Here’s what the data for job listings by programming language looks like graphically:
This is a word cloud that shows the relative importance by job type, which shows the magnitude of the number of job openings by programming language by adjusting the font size of each programming language:
You can’t see it, but RPG is the tiny smidgen on the upper left of the graphic, COBOL is kinda tiny above C++ and C#, and Fortran is an even smaller spec to the right above COBOL and to the left of .NET. As you can see, the IT job market is, based on the average of the data culled from Dice, CareerBuilder, and Monster, basically shouting Java at the top of its lungs, with some loud talk about C# and .NET. The interesting bit is that of all the different programming languages that I looked at back in June 2008, PHP is the only one showing growth in terms of the raw number of job openings. I added Ruby on Rails this time around because it is increasingly popular out there in the data centers and programmer cubicles of the world. RPG, COBOL, and Fortran have been hit harder in terms of job openings, and C++ has not held up as well as C## and is now, in fact, outnumbering C++ instead of tying it. The other new term I added here was MySQL, and as you might expect, the number of jobs looking for MySQL skills is nowhere near the openings for SQL Server.

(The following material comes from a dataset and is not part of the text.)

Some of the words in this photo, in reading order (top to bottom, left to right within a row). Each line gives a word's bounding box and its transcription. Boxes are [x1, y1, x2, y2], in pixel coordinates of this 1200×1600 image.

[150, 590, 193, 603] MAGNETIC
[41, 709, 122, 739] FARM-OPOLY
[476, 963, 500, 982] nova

None of this data is reckoned against the size of the potential job pool, so don’t get freaked out by the relatively low number of RPG jobs. If there are indeed somewhere north of 100,000 IBM i shops in the world, as I discussed last week, there are probably 250,000 or so programmers coding RPG, Java, or PHP on the platform, with a smattering of COBOL. There are probably over 10 million Java programmers in the world, and lots of them are in the States, so having somewhere around 11,000 job openings is not that much juicier than the RPG base in terms of the ratio of the openings compared to the programming pool. There are more job openings, but there are also more people chasing them.

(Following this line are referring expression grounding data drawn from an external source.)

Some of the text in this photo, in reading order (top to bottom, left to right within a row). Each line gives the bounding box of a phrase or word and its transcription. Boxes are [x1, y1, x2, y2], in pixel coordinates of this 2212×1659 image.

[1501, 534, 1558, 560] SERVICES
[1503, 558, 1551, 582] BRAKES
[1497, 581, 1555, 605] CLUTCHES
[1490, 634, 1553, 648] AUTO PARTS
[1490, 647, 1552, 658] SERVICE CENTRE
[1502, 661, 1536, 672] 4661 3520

Just for fun, I also did a job count by the popular operating system or relevant terms often used to describe a particular platform. This was to give some sort of sense about the relative popularity of different platforms, but again, Windows and Linux have huge installed bases, so having lots of job openings doesn’t necessarily mean it is healthier than the IBM i market. It very much likely means that it is a whole lot larger. Take a look:
Because it is easier to take this data in graphically, here’s what it looks like in a chart:
What is immediately obvious in the tabular and chart data is that people still call the platform the AS/400. Interestingly, there are about 40 percent as many AS/400 jobs as AIX jobs averaged across these three job sites this time around, and it was 34 percent two years ago when I did the same searches. Linux platforms showed the least shrinkage across all platforms I looked at, and the AS/400 did better than Unix and Windows platforms in terms of reducing the shrinkage. That said, AS/400 jobs are still, numerically speaking, pretty scarce. If you are a PHP or Ruby developer with Linux experience, you are probably feeling pretty good about your job prospects, if you know your stuff.

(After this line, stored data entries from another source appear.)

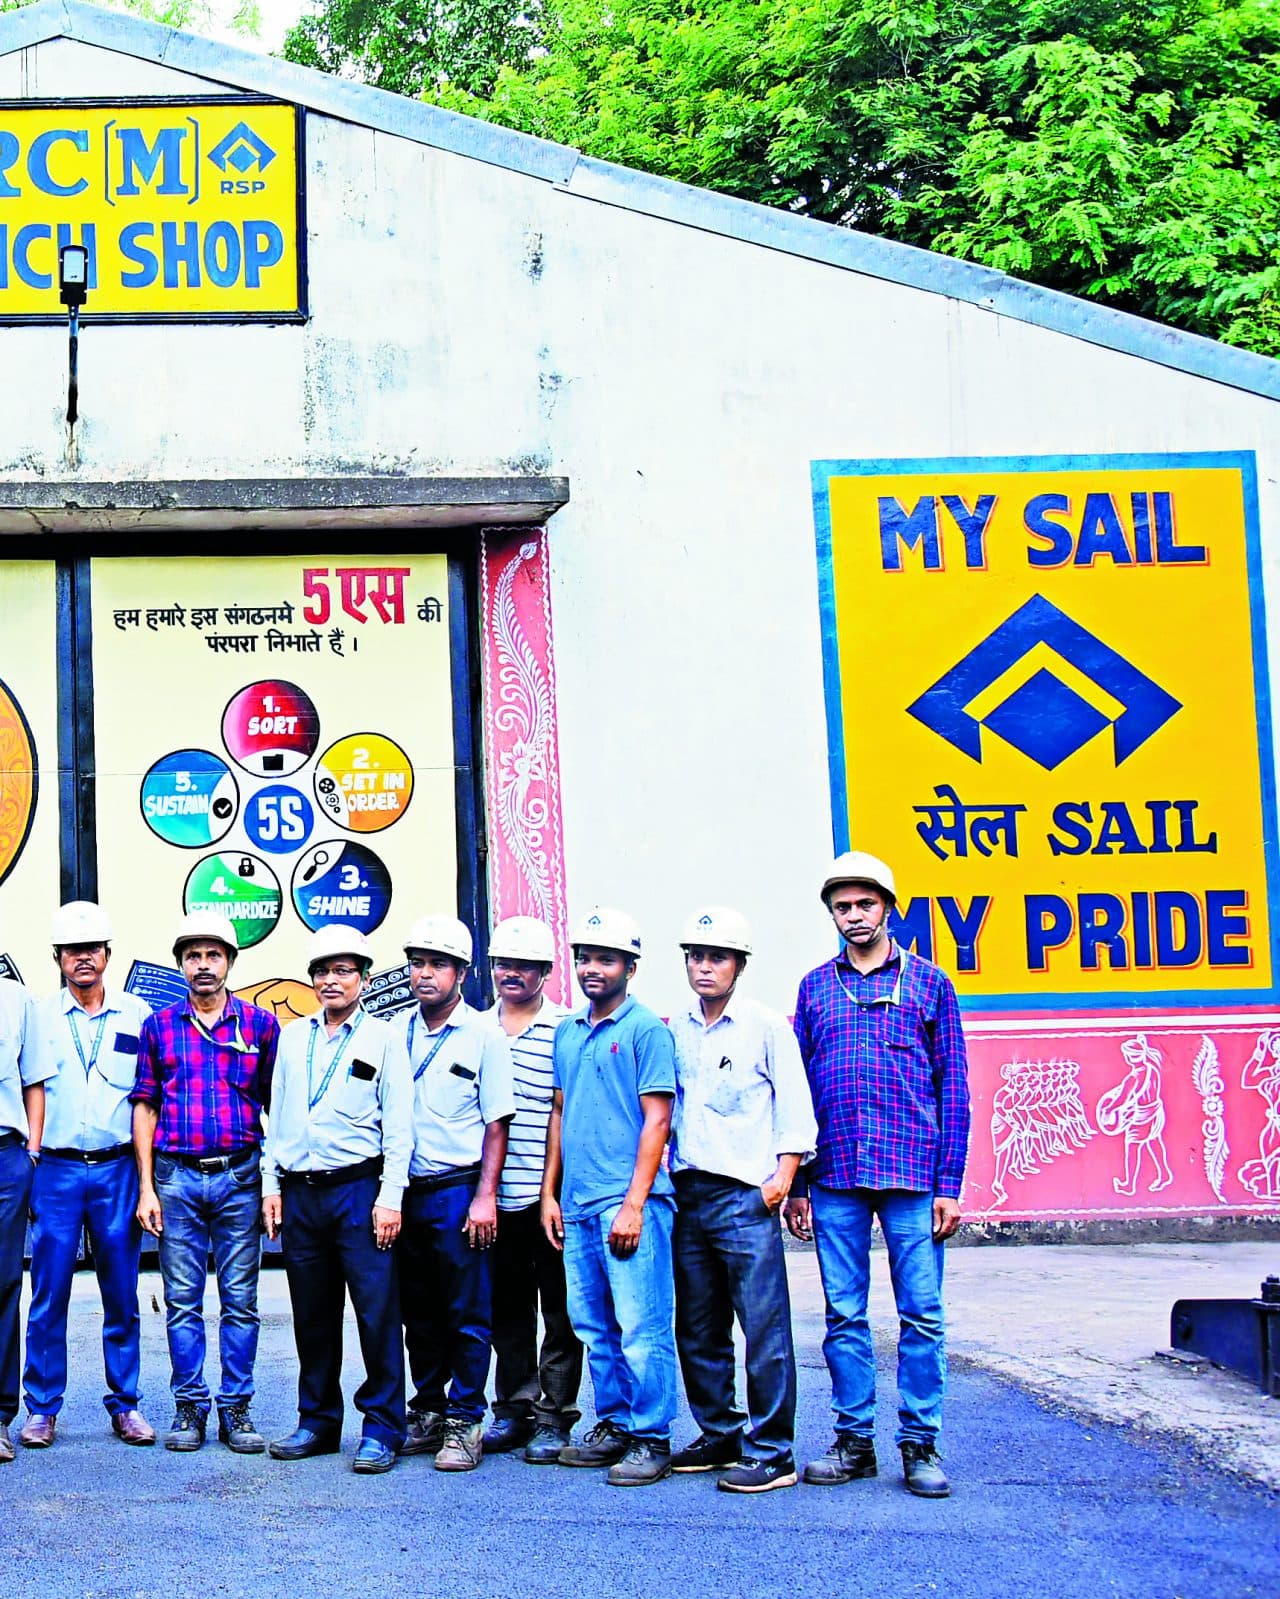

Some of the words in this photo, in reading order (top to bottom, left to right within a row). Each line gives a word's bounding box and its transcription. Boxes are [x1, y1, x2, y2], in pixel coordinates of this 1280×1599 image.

[220, 180, 266, 195] RSP
[119, 220, 283, 289] SHOP
[877, 494, 996, 571] MY
[1022, 491, 1209, 568] SAIL
[113, 608, 140, 631] हम
[145, 603, 186, 631] हमारे
[190, 607, 218, 630] इस
[416, 597, 444, 623] की
[264, 629, 322, 653] निभाते
[263, 696, 281, 713] 1.
[247, 716, 298, 736] SORT
[352, 748, 380, 769] 2.
[175, 771, 198, 792] 5.
[341, 773, 378, 791] SET
[383, 773, 405, 790] IN
[144, 793, 209, 817] SUSTAIN
[347, 794, 400, 812] ORDER
[257, 795, 305, 841] 5S
[912, 783, 1027, 862] सेल
[1047, 799, 1217, 857] SAIL
[209, 876, 235, 896] 4.
[340, 865, 368, 890] 3.
[308, 895, 371, 917] SHINE
[1024, 889, 1253, 972] PRIDE

That said, what the job listings cannot show us is how many hundreds of thousands of RPG and Java programmers working on IBM i platforms are doing their work quite happily and adding value to their companies–while even more than a few are probably dabbling in PHP to boot. The thing to do no matter what platform you work upon is to expand your skillbase and make yourself more useful. That’s hard, of course. But it is the only way to be safe.